Harry Vogel, Loon Preservation Committee: (603) 476-5666
Mark Beauchesne, NH Fish & Game Department: (603) 271-6355
August 17, 2018
MOULTONBOROUGH, NH — In response to a second straight year of high loon mortality from ingested lead (Pb) fishing tackle, the Loon Preservation Committee and New Hampshire Fish and Game are doubling incentives for anglers to switch to non-toxic tackle through their lead tackle buy-back program.
From now through Labor Day (September 3) or until the initial 200 certificates are claimed, anglers can now exchange one ounce or more of banned tackle (jigs and sinkers) for $20 in gift certificates redeemable at the shops participating in the pilot program:
- AJ’s Tackle at 8 Maple St, Meredith, NH; and
- The Tackle Shack at 894 NH-103, Newbury, NH
Only banned tackle is eligible for exchange as part of the buy-back program. One exchange is permitted per customer.
The Loon Preservation Committee and New Hampshire Fish and Game again want to remind anglers about the ban on the use of lead sinkers and jigs weighing one ounce or less that went into effect June 1, 2016 for all freshwater in the state.

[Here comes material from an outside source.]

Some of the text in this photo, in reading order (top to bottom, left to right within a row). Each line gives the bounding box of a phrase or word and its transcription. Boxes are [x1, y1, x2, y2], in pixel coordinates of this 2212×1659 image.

In 2017, a total of eight loons were confirmed dead after ingesting lead sinkers and jigs up to 1.3 ounces. These loons were discovered on lakes or ponds across the state in Alton, Auburn, Danbury, Franklin, Moultonborough, Pittsburg and Sunapee.

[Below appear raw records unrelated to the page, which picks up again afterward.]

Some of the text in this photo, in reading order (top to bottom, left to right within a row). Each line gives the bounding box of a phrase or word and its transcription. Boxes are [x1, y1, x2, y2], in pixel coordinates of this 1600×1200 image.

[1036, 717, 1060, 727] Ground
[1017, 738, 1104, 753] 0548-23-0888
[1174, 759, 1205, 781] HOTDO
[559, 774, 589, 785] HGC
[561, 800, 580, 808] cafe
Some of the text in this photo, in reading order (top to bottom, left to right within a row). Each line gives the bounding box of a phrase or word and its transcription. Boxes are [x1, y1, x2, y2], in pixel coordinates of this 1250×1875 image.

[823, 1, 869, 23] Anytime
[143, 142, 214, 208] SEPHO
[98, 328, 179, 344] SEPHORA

Another six loons have died so far in 2018 as a result of lead poisoning. One other loon underwent a procedure to remove lead tackle and was rehabilitated and released, but faces an uncertain future. At least four of the loons had associated tackle (hooks, line, etc.) indicating that ingested tackle was likely from current fishing activity and not from old tackle on the bottom. A loon will die from lead poisoning approximately two to four weeks after ingesting lead fishing tackle.

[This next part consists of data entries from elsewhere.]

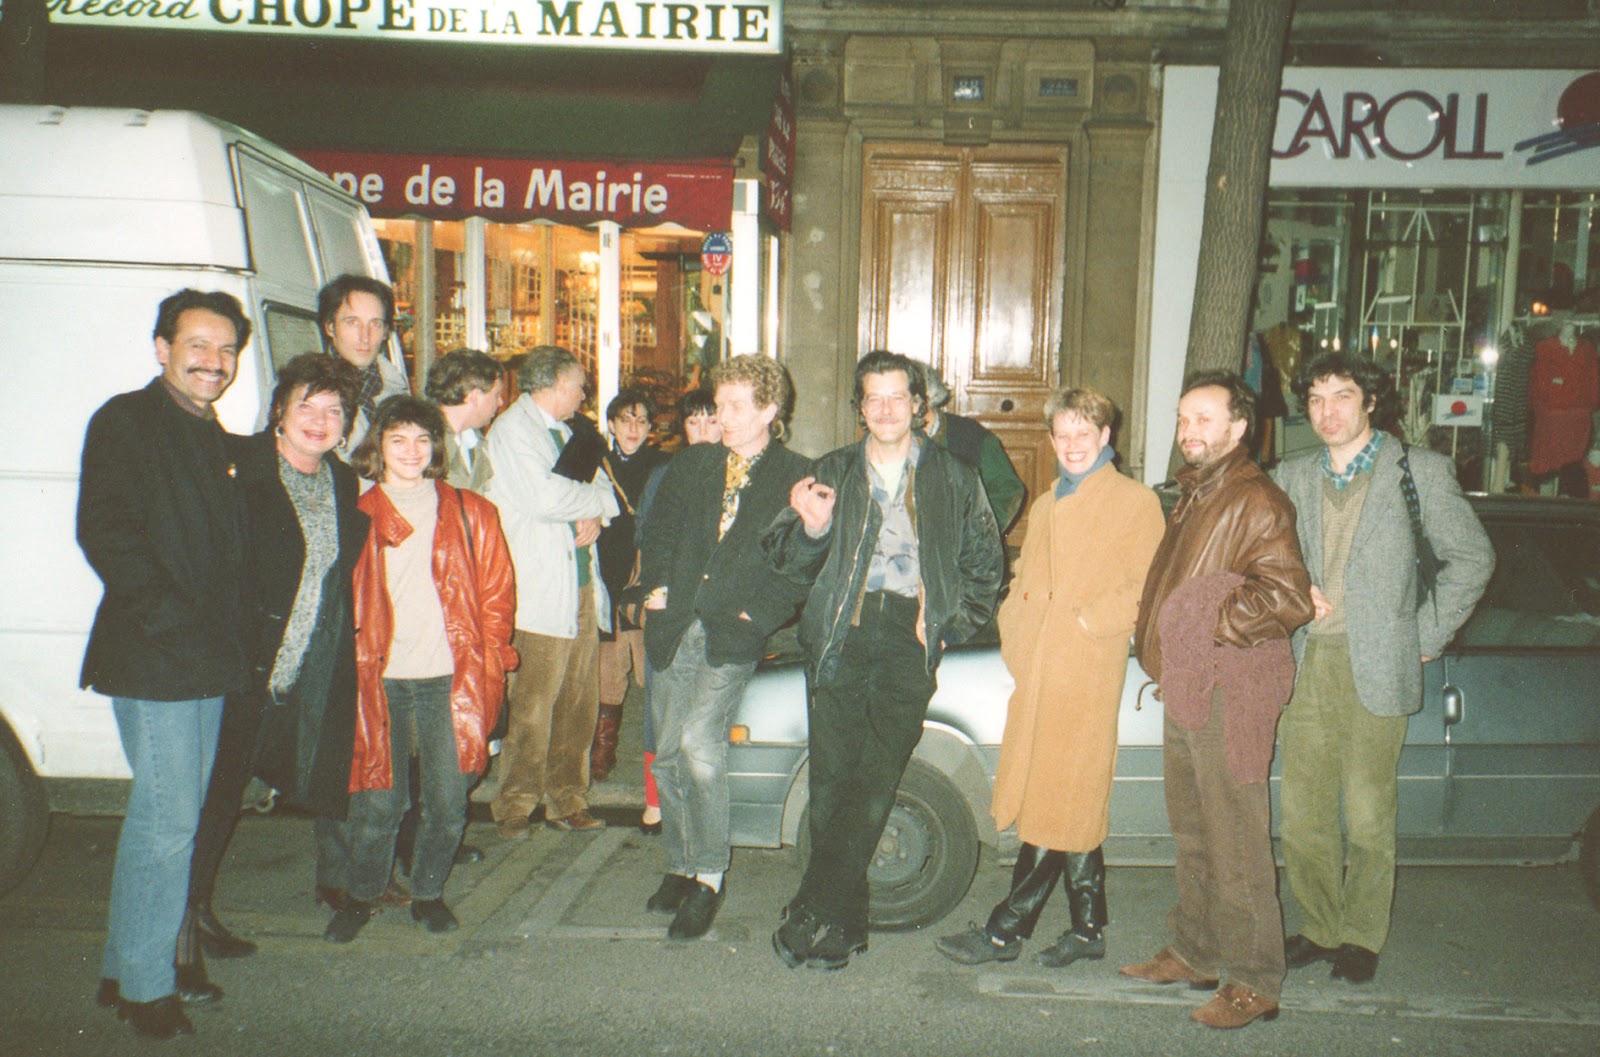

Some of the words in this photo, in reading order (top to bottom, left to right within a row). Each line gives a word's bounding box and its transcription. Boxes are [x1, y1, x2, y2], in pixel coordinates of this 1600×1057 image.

[208, 0, 415, 31] CHOPE
[428, 8, 467, 33] DE
[479, 10, 522, 35] LA
[537, 0, 769, 43] MAIRIE
[321, 171, 384, 203] pe
[405, 164, 456, 206] de
[474, 166, 505, 209] la
[524, 168, 668, 214] Mairie

To address this issue and help anglers dispose of lead sinkers and jigs they can no longer use, the Loon Preservation Committee and NH Fish & Game Department teamed up with the two local tackle shops to launch the lead tackle buy-back pilot program this spring.
The Loon Preservation Committee and New Hampshire Fish & Game Department are working cooperatively with many other organizations to educate anglers about the effects of lead poisoning on loons. Fish Lead Free (www.fishleadfree.org), is a multi-partner, region-wide initiative dedicated to providing resources for anglers across New England to help them make the switch to lead-free tackle. Safe alternatives to lead tackle, made of steel, tungsten, tin, bismuth and many other materials, are effective and readily available. Learn more tips and tactics for fishing lead free at www.wildnh.com/fishing/get-the-lead-out.html. Collection receptacles for old lead tackle can be found at all New Hampshire Fish and Game offices, at The Loon Center in Moultonborough, at the NH Lakes Association office in Concord, and at several transfer stations.
The Loon Preservation Committee (www.loon.org) works to protect loons throughout the state as part of its mission to restore and maintain a healthy population of loons in New Hampshire; to monitor the health and productivity of loon populations as sentinels of environmental quality; and to promote a greater understanding of loons and the natural world.
The New Hampshire Fish and Game Department (www.wildnh.com) works in partnership with the public to conserve, manage, and protect the state’s fish, wildlife and marine resources and their habitats; inform and educate the public about these resources; and provide the public with opportunities to use and appreciate these resources.